Putting the X-factor in experience

Shoppers are getting more discerning – and fickle. The challenge for retailers is to offer an unforgettable customer experience, online and in real life.

customer experience

How many times have you walked into a store and been met with bored, inattentive or worse, surly sales staff?

Combine bad customer service with today’s savvy shopper and it’s no wonder that retailers are hurting at the sales till. These days, customers have no qualms about walking out the door if they feel that service is not up to par.

In a 2014 survey by American Express, nearly 70 per cent of 1,000 respondents in Singapore said that they would avoid businesses with bad service, while about 80 per cent would pay more for excellent service.

But the mantra of good customer service is often easier said than done. How exactly do retailers offer a great shopping experience if shoppers aren’t biting?

One way is to start from the bottom with training. New ways of training promise to be more than the expensive, old-fashioned programmes of old in dull classroom settings. These new training methods are becoming more interactive, cheaper and offer fun learning for retail staff – especially important when staff are expected to be much more responsive and better informed about products.

Take the startup Myagi, which offers an online training platform for the retail industry. Retailers create their own shareable videos on customer service for sales staff, who in turn are rewarded and given incentives for their engagement.

The subscription-only platform, which can be accessed on mobile, also integrates training data with a retailer’s existing system as well as analyses data from the measuring and giving of feedback.

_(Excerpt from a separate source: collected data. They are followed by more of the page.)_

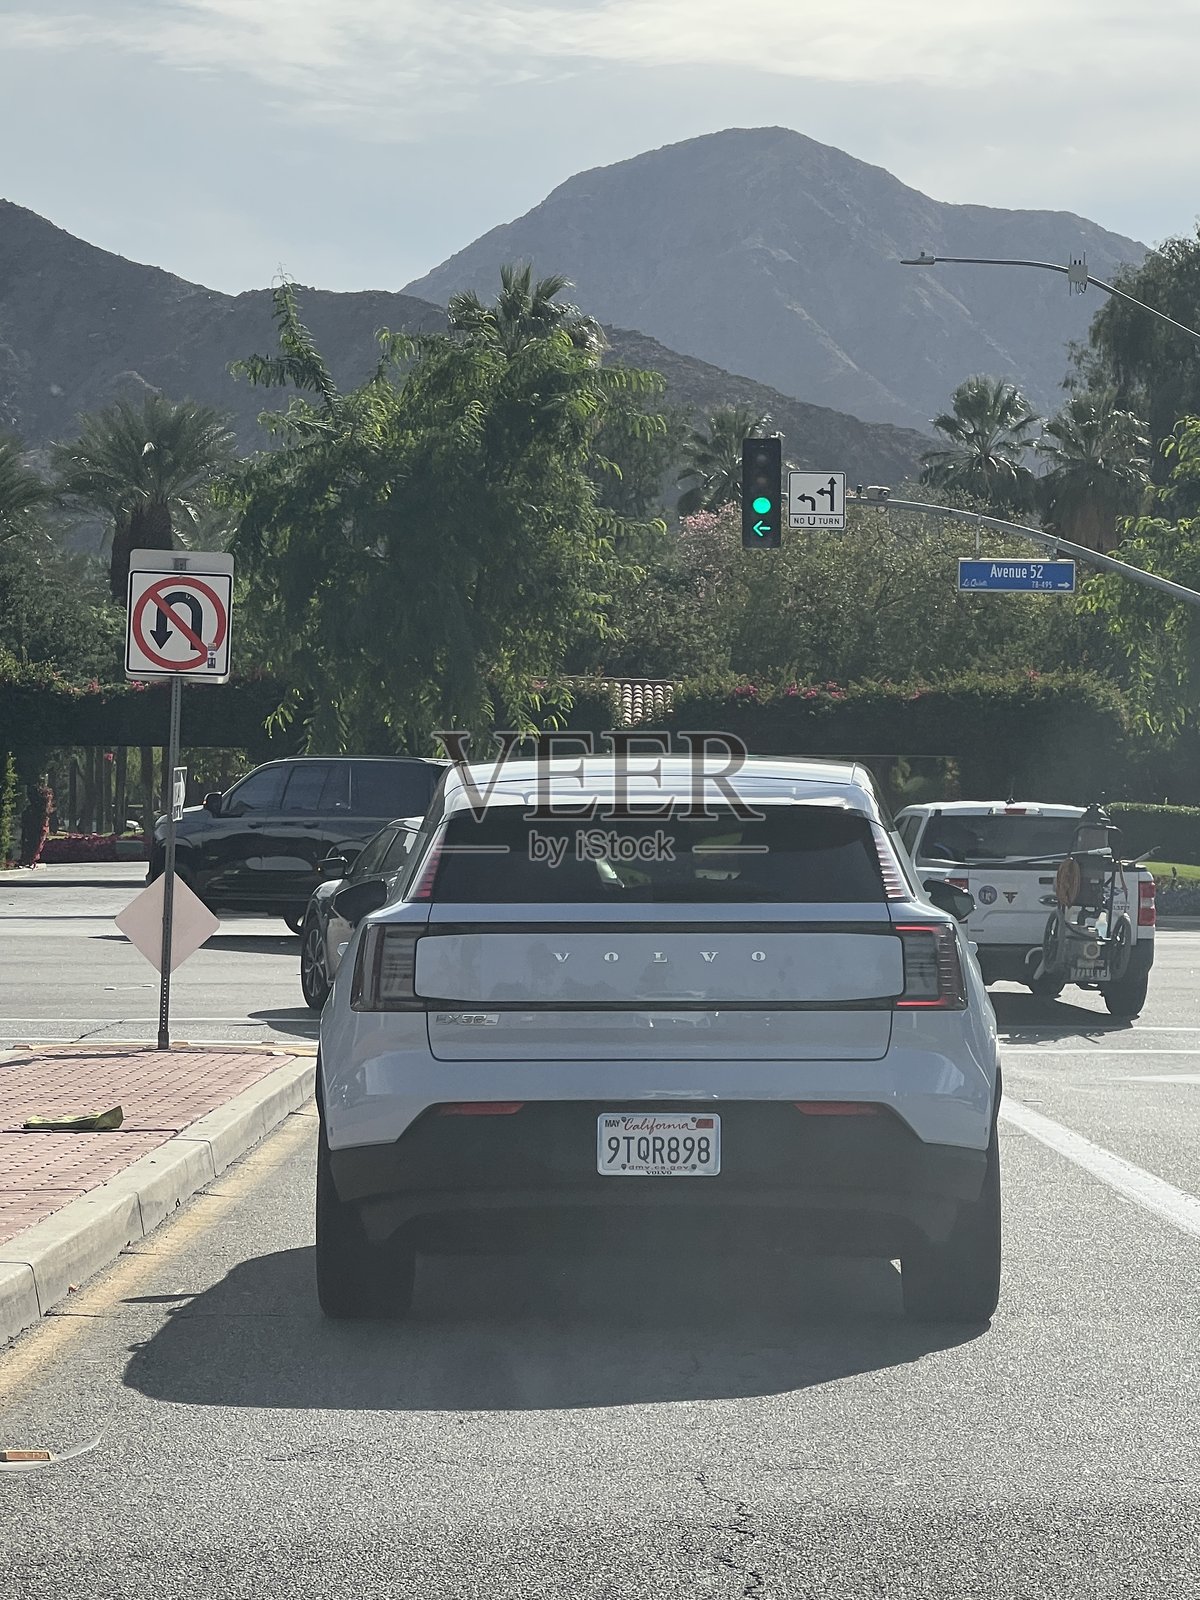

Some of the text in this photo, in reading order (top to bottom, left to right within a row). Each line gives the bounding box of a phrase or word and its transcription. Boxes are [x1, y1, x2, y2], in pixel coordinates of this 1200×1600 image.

[793, 516, 840, 526] NO U TURN
[990, 563, 1044, 579] Avenue 52
[553, 951, 767, 964] VOLVO
[605, 1119, 620, 1128] MAY
[624, 1117, 697, 1135] California
[607, 1136, 710, 1164] 9TQR898

Another Australian startup, arcade, goes a step further by “gamifying” the retail sales process to boost staff engagement – and increase sales. Its app lets users play games to turn their work achievements into points, badges and levels, helping even disengaged employees rise to the top of the leader-board.

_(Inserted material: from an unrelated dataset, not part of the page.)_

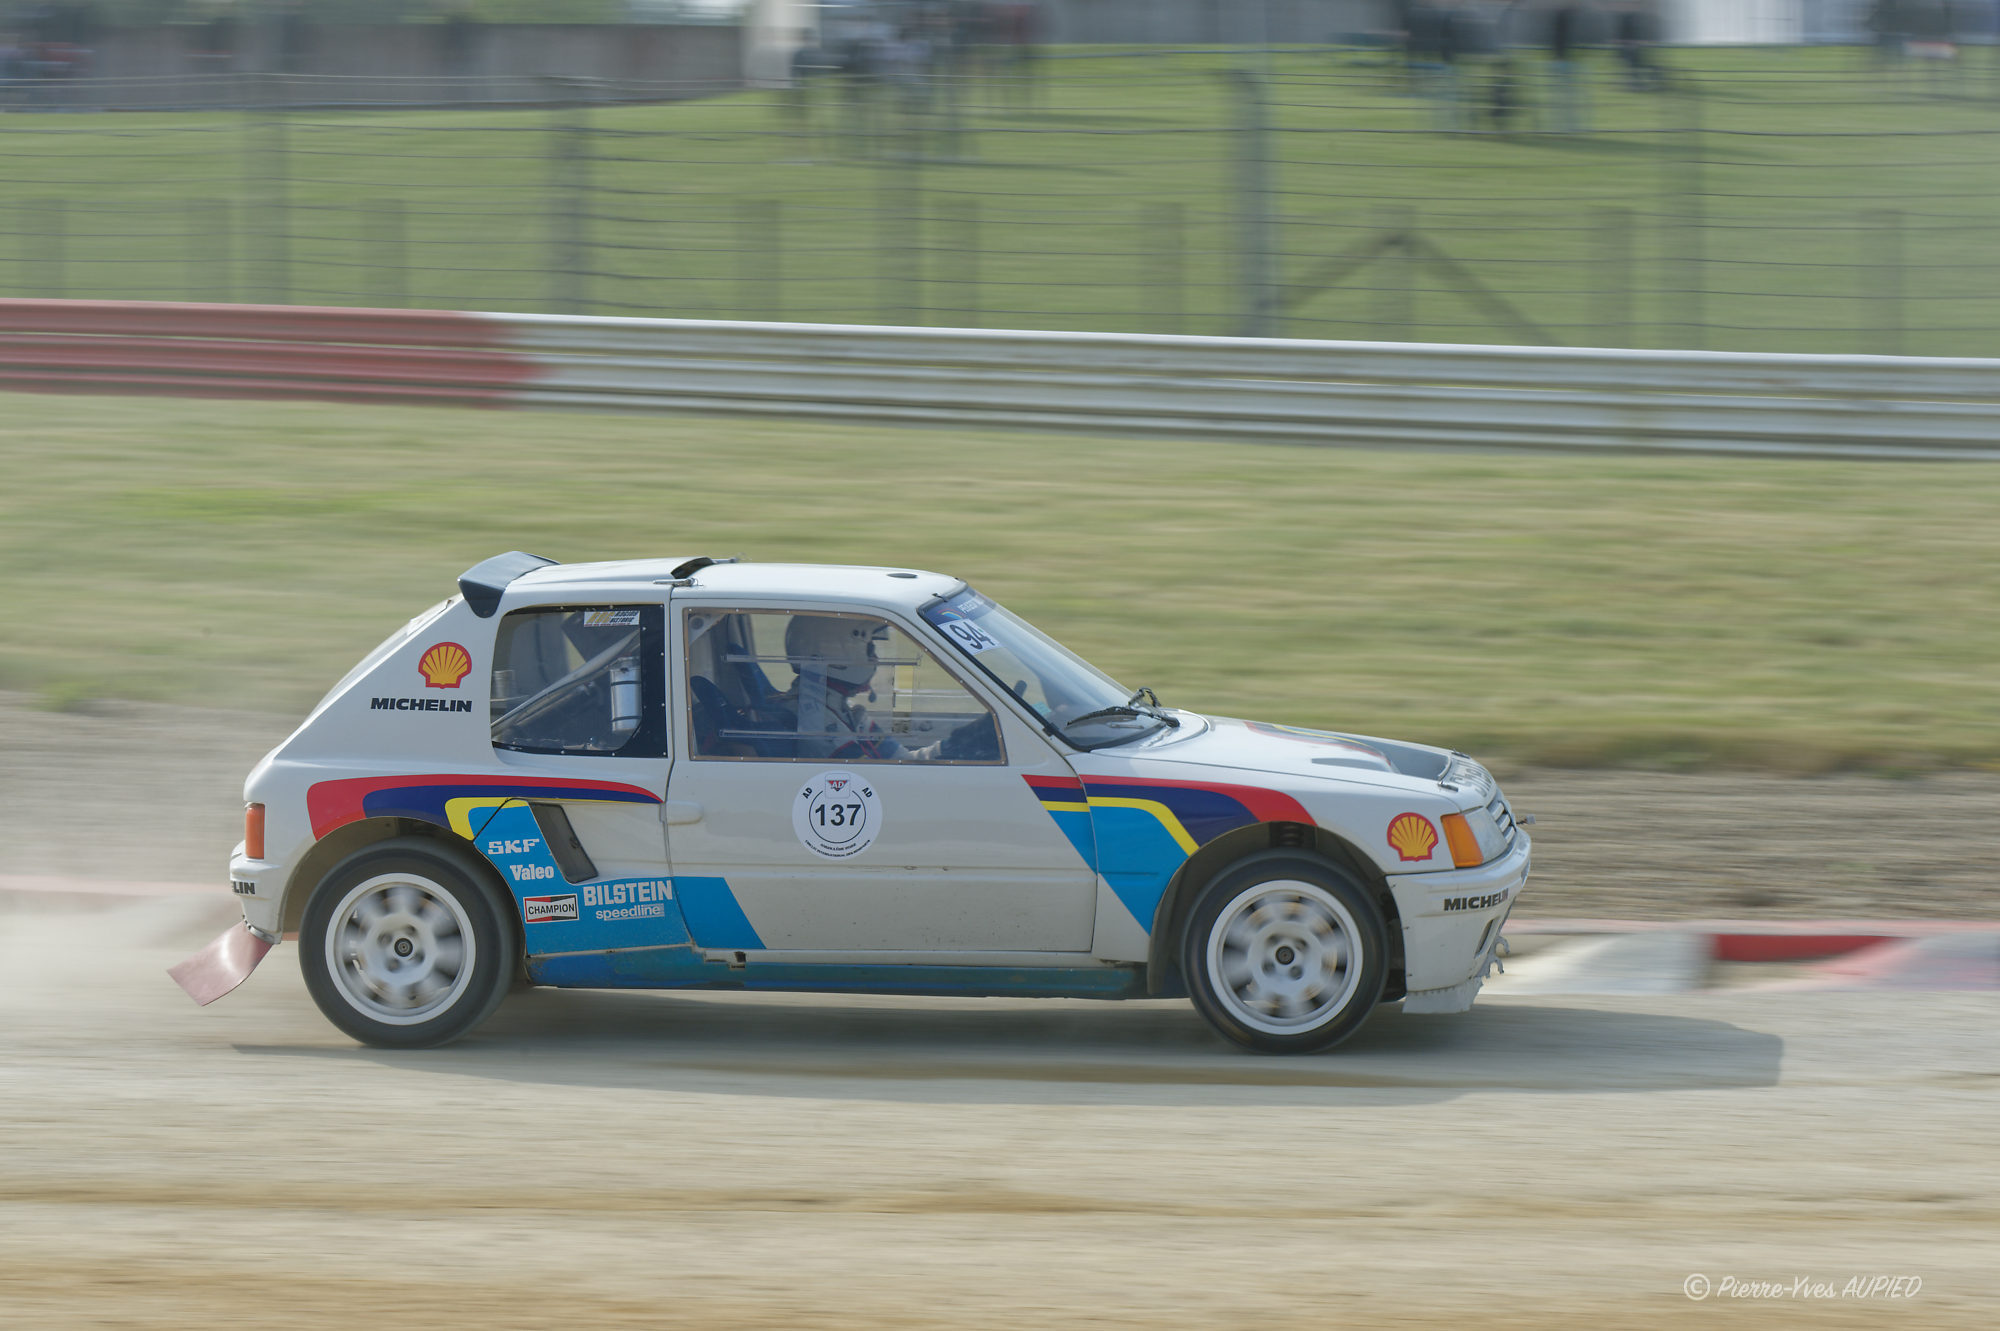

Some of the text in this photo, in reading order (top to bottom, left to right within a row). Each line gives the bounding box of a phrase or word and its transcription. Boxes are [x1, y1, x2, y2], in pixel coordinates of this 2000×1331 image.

arcade tool in different mobile devices

Image Credit: Arcade

Said David Cherrie, Head of Sales for arcade: “The benefits for retailers have proven to be increased productivity and sales, deeper insights into workforce dynamics and most of all, engaged employees!”

Aside from training sales staff, retailers would do well to keep their eye on customer loyalty too in improving the customer experience. With a deluge of loyalty cards and other points-for-purchases models, conventional customer loyalty programmes are not working as well as before.

Retailers now have to think of new and different ways to reward and incentivise shoppers. Another new loyalty programme possibility: Value-added perks, personalised offers and relevant discounts, such as customised welcome discounts, VIP member checkouts and free snacks in-store.

For instance, members of American online pharmacy Walgreens earn points each time they track healthy activities, such as walking or testing blood pressure, and set health goals.

Taking the high-tech route is American loyalty startup PunchTab. The startup’s platform allows retailers to create loyalty and engagement programmes. For example, retailers can offer a reward every time users show a receipt that they bought a product while collecting this data at the same time. 

Other tech-driven ideas that will help to engage and entice shoppers include dynamic and interactive electronic shelf labels; mobile payment and point-of-sale solutions; and one-on-one interaction with in-app messages.

And, over the next decade or so, artificial intelligence can also provide the next level of customer service. Already, Shell has introduced intelligent virtual assistants developed by Artificial Solutions’ Teneo Platform. Called Emma and Ethan, these online assistants advise the energy company’s customers in the US and UK markets on 3,000 lubricant products and their 16,500 different characteristics.

The list goes on – but what matters most to retailers is to get off their chair, bite the bullet and pick the best solution for their needs.